• [Records for this exercise]:

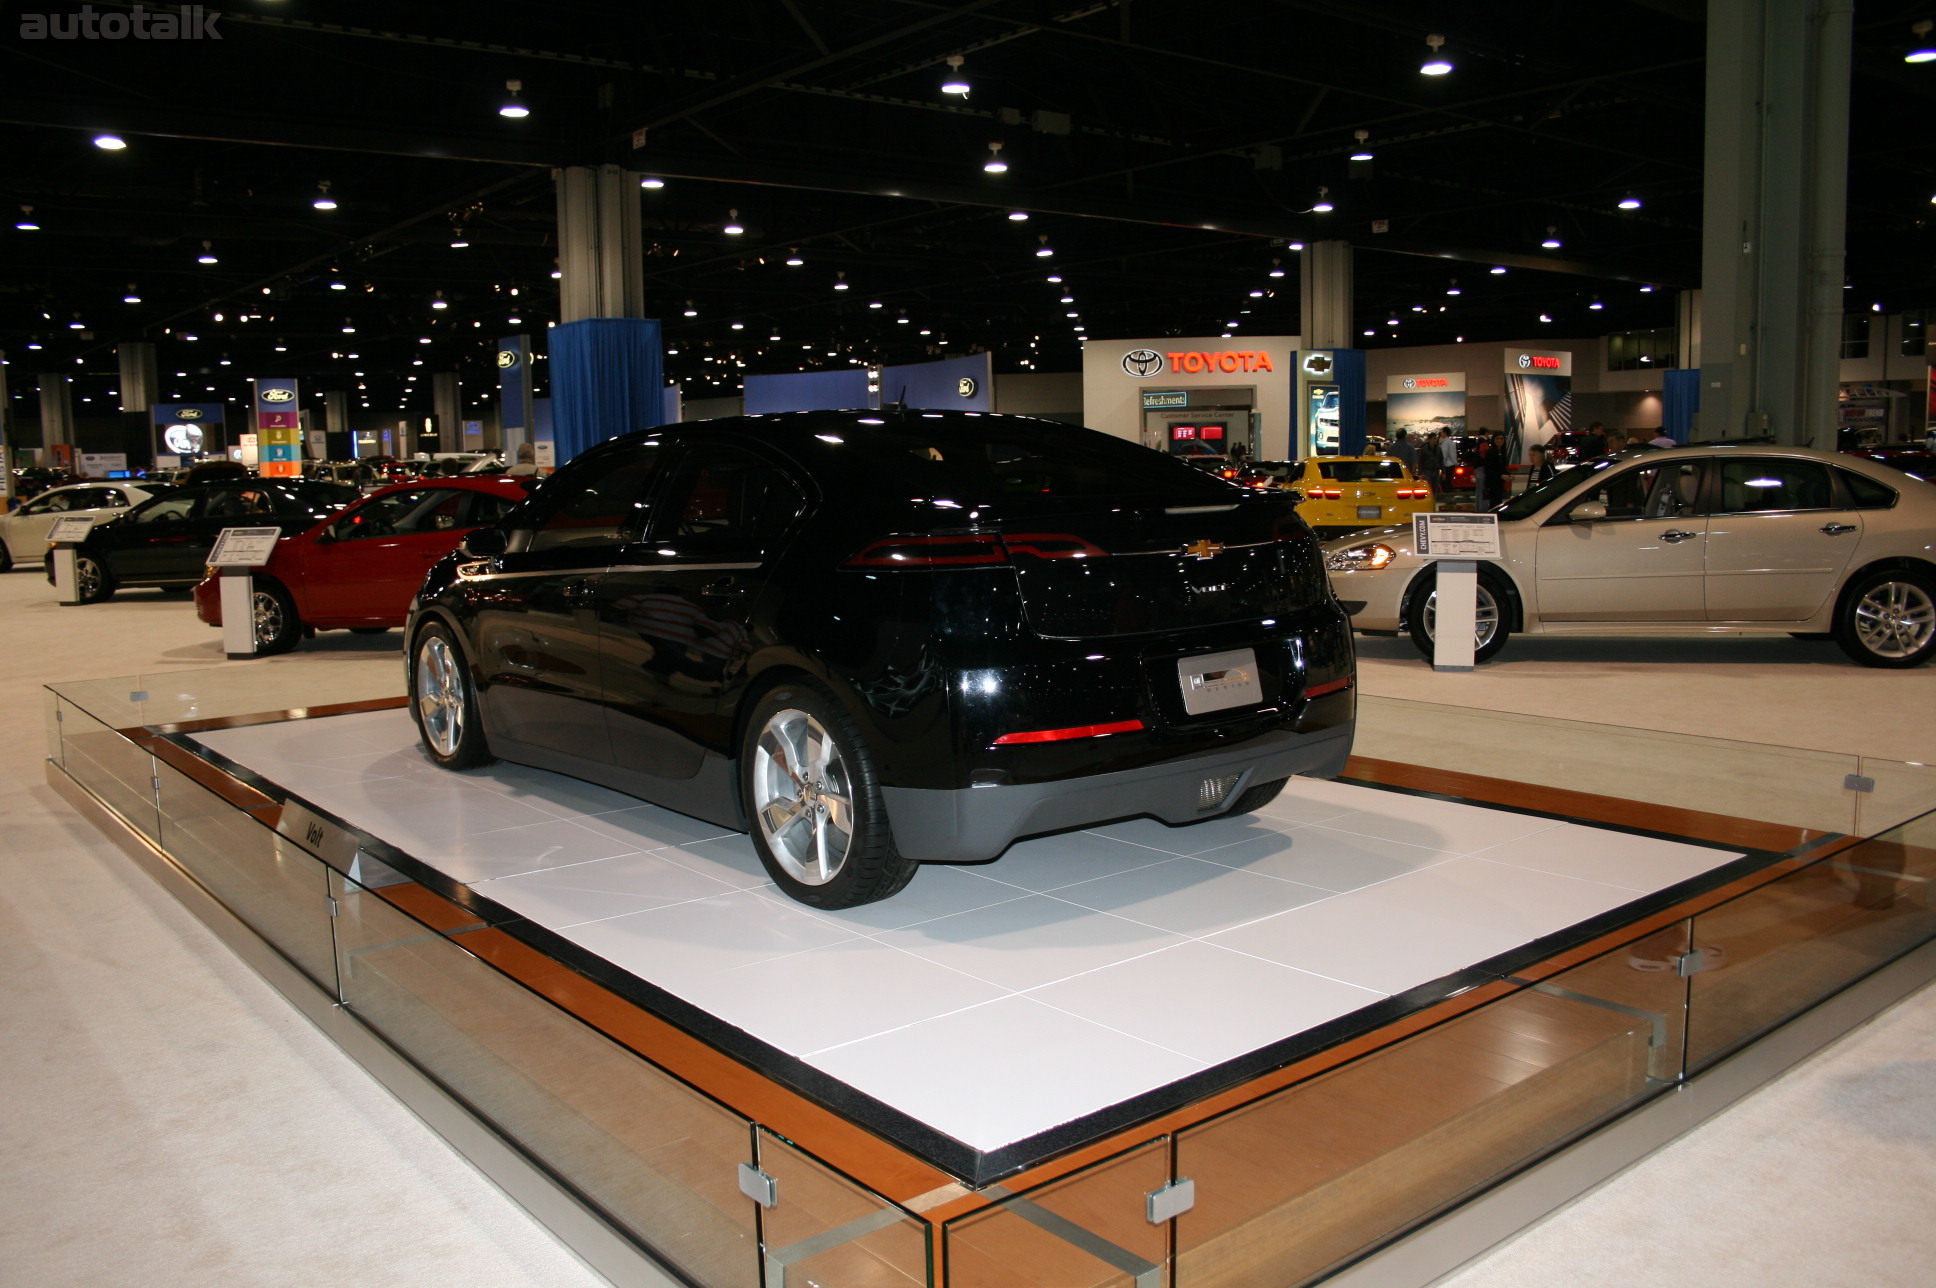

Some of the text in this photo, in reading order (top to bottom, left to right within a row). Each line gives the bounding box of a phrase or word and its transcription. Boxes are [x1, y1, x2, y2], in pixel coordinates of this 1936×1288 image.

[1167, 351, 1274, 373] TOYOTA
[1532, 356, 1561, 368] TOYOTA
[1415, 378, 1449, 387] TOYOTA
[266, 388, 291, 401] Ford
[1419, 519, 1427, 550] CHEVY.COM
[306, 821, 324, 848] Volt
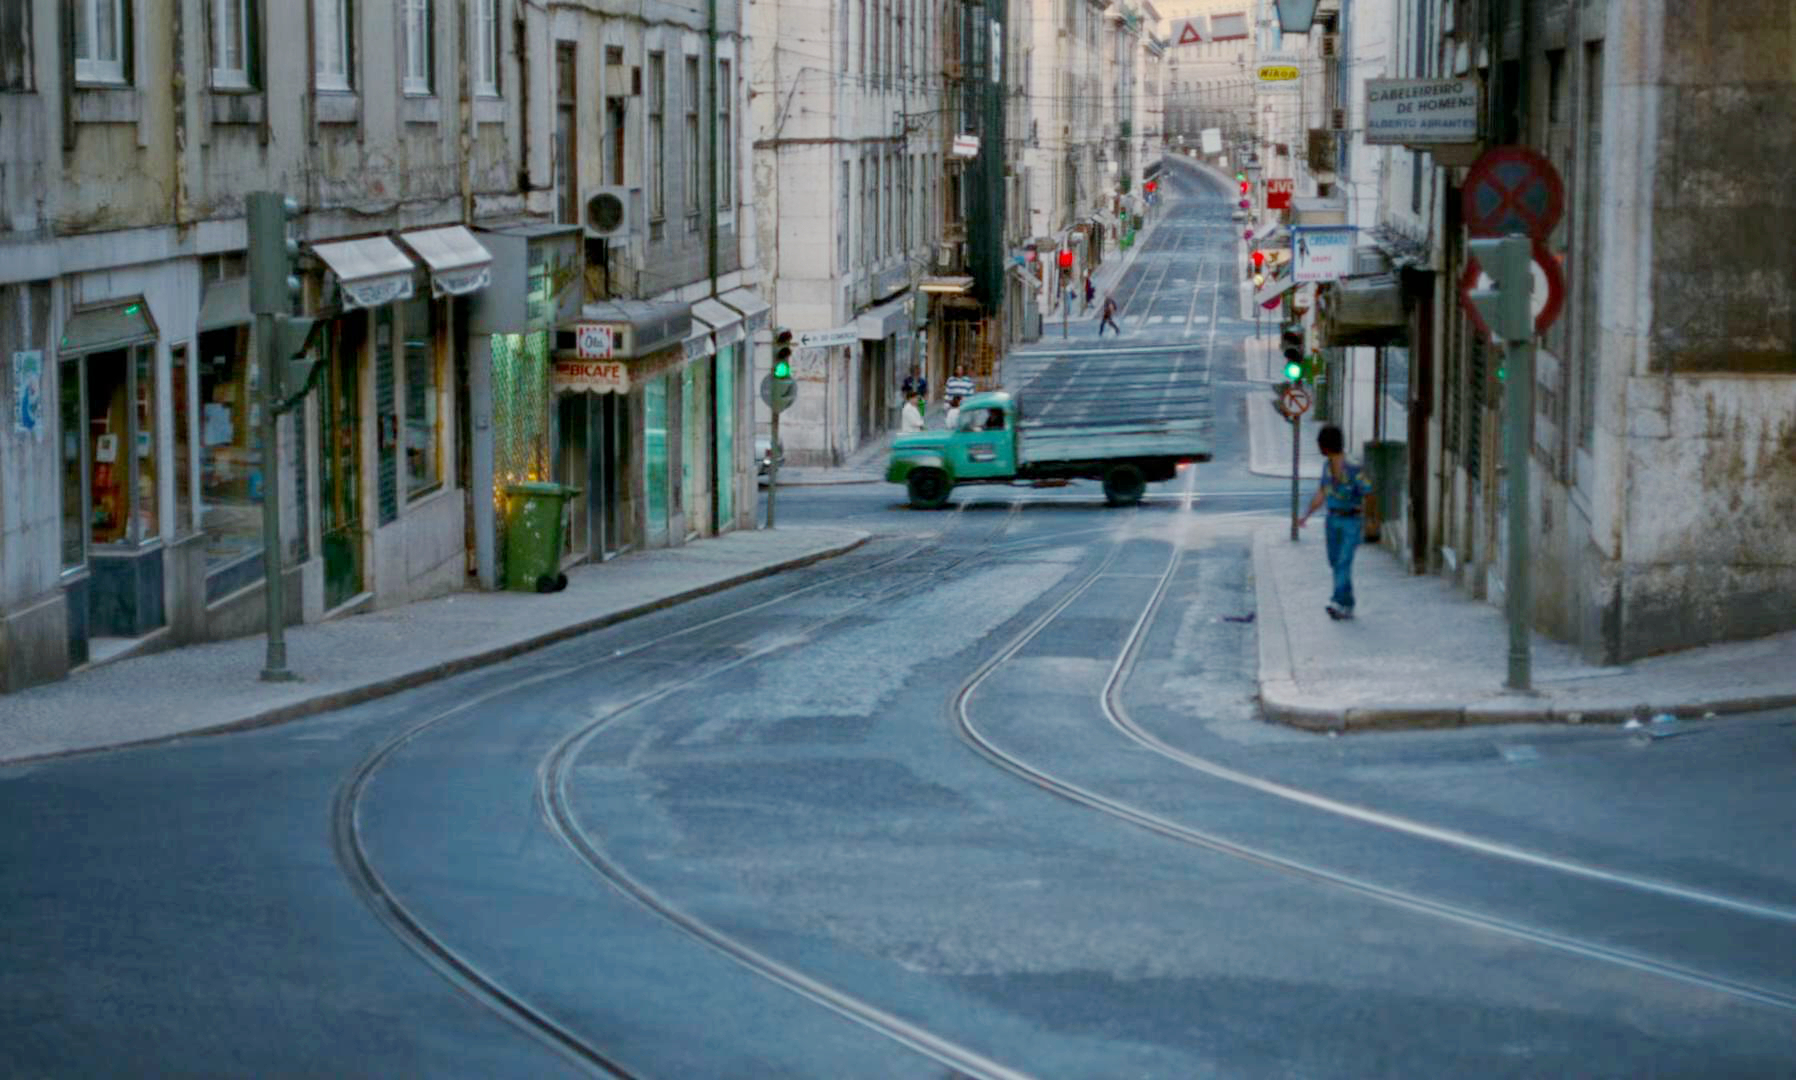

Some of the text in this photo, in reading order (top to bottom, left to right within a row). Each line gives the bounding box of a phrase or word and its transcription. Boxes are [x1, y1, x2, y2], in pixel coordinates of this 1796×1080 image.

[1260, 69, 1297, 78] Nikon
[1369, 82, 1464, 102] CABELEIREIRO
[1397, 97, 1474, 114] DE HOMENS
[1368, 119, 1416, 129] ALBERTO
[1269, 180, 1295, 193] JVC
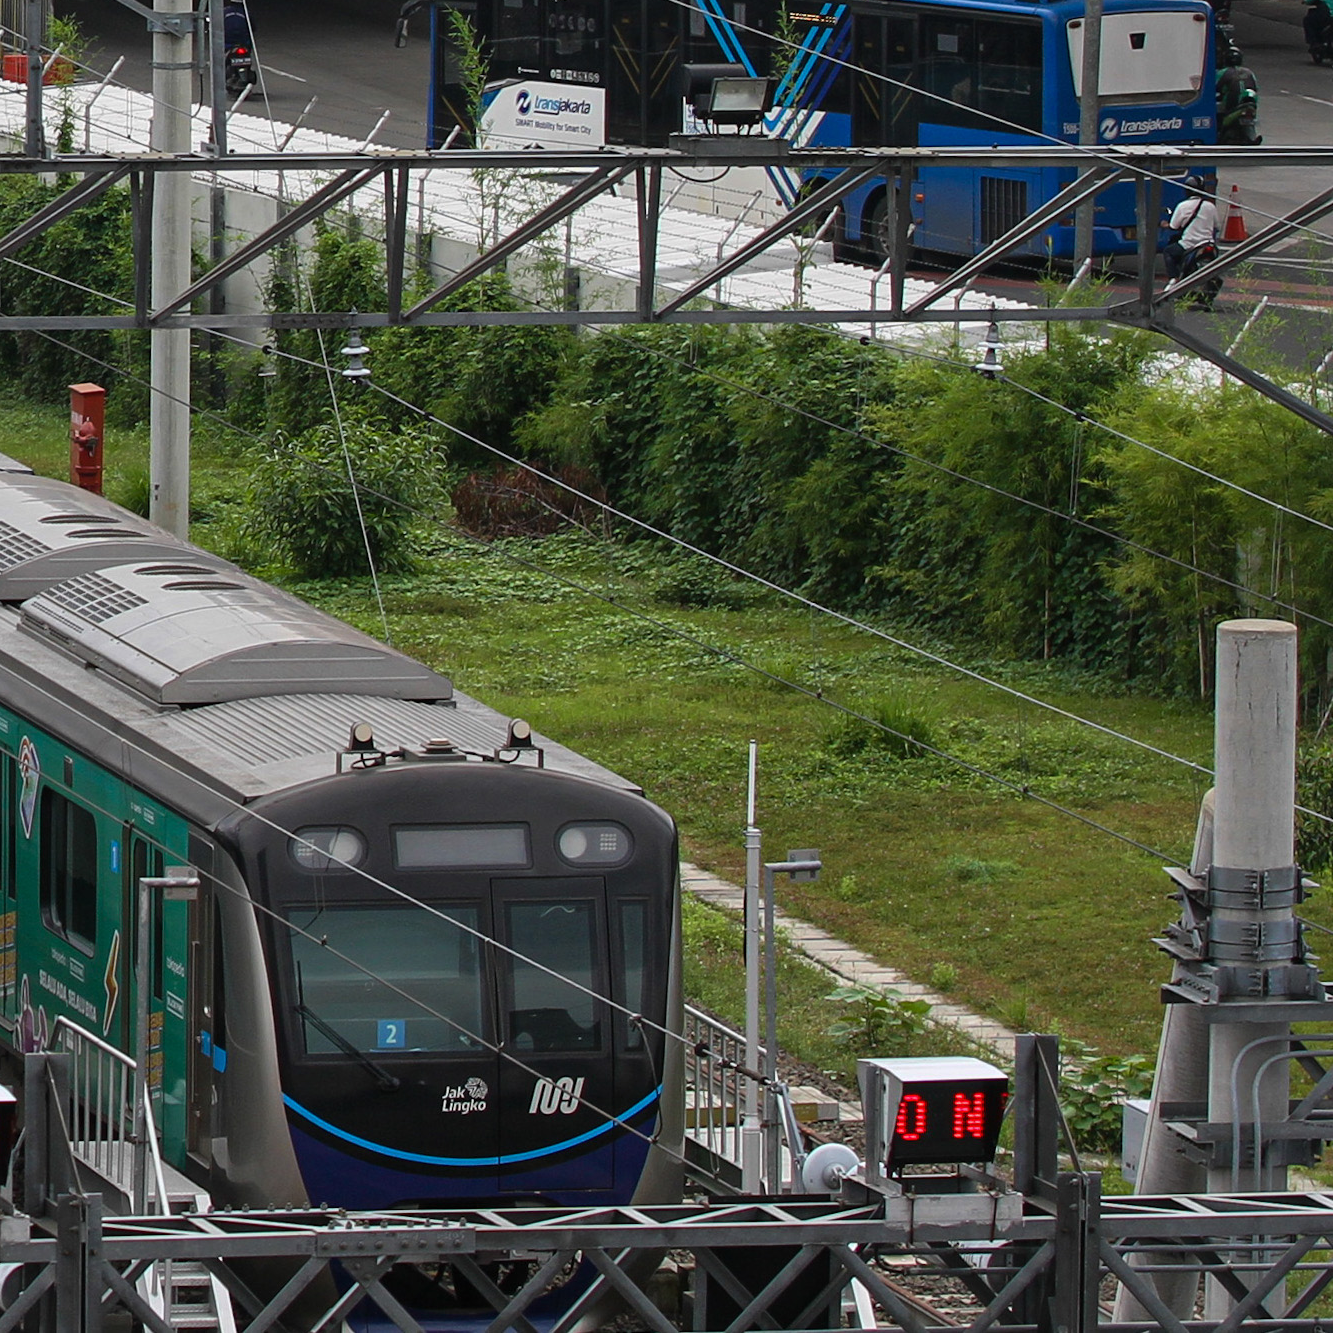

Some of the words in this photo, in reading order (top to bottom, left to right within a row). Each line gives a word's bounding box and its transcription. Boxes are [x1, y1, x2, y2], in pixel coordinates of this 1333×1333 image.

• [Exercise]:
Without carrying over any picture, write out the entries above once more, exactly.

• [Problem solution]:
Some of the text in this photo, in reading order (top to bottom, left to right within a row). Each line gives the bounding box of a phrase or word and its transcription. Boxes are [x1, y1, x2, y2], in pixel coordinates of this 1936×1288 image.

[1167, 351, 1274, 373] TOYOTA
[1532, 356, 1561, 368] TOYOTA
[1415, 378, 1449, 387] TOYOTA
[266, 388, 291, 401] Ford
[1419, 519, 1427, 550] CHEVY.COM
[306, 821, 324, 848] Volt

Some of the text in this photo, in reading order (top to bottom, left to right within a row). Each line gives the bounding box of a phrase or word and its transcription. Boxes are [x1, y1, x2, y2], in pixel coordinates of this 1796×1080 image.

[1260, 69, 1297, 78] Nikon
[1369, 82, 1464, 102] CABELEIREIRO
[1397, 97, 1474, 114] DE HOMENS
[1368, 119, 1416, 129] ALBERTO
[1269, 180, 1295, 193] JVC

Some of the words in this photo, in reading order (top to bottom, left to right within a row). Each line gives a word's bounding box and its transcription. Boxes are [x1, y1, x2, y2], in pixel coordinates of this 1333×1333 image.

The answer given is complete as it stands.